[What needs to be done]: When you write out the entries, keep every line exactly as it appears.

/---

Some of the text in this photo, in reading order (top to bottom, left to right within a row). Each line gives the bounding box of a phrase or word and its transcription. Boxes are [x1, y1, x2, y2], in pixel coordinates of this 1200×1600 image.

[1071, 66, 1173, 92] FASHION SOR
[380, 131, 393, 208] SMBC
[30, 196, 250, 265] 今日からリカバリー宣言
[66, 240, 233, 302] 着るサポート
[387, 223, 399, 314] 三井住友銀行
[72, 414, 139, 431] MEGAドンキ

\---

[Exercise response]:
Some of the text in this photo, in reading order (top to bottom, left to right within a row). Each line gives the bounding box of a phrase or word and its transcription. Boxes are [x1, y1, x2, y2], in pixel coordinates of this 1200×1600 image.

[1071, 66, 1173, 92] FASHION SOR
[380, 131, 393, 208] SMBC
[30, 196, 250, 265] 今日からリカバリー宣言
[66, 240, 233, 302] 着るサポート
[387, 223, 399, 314] 三井住友銀行
[72, 414, 139, 431] MEGAドンキ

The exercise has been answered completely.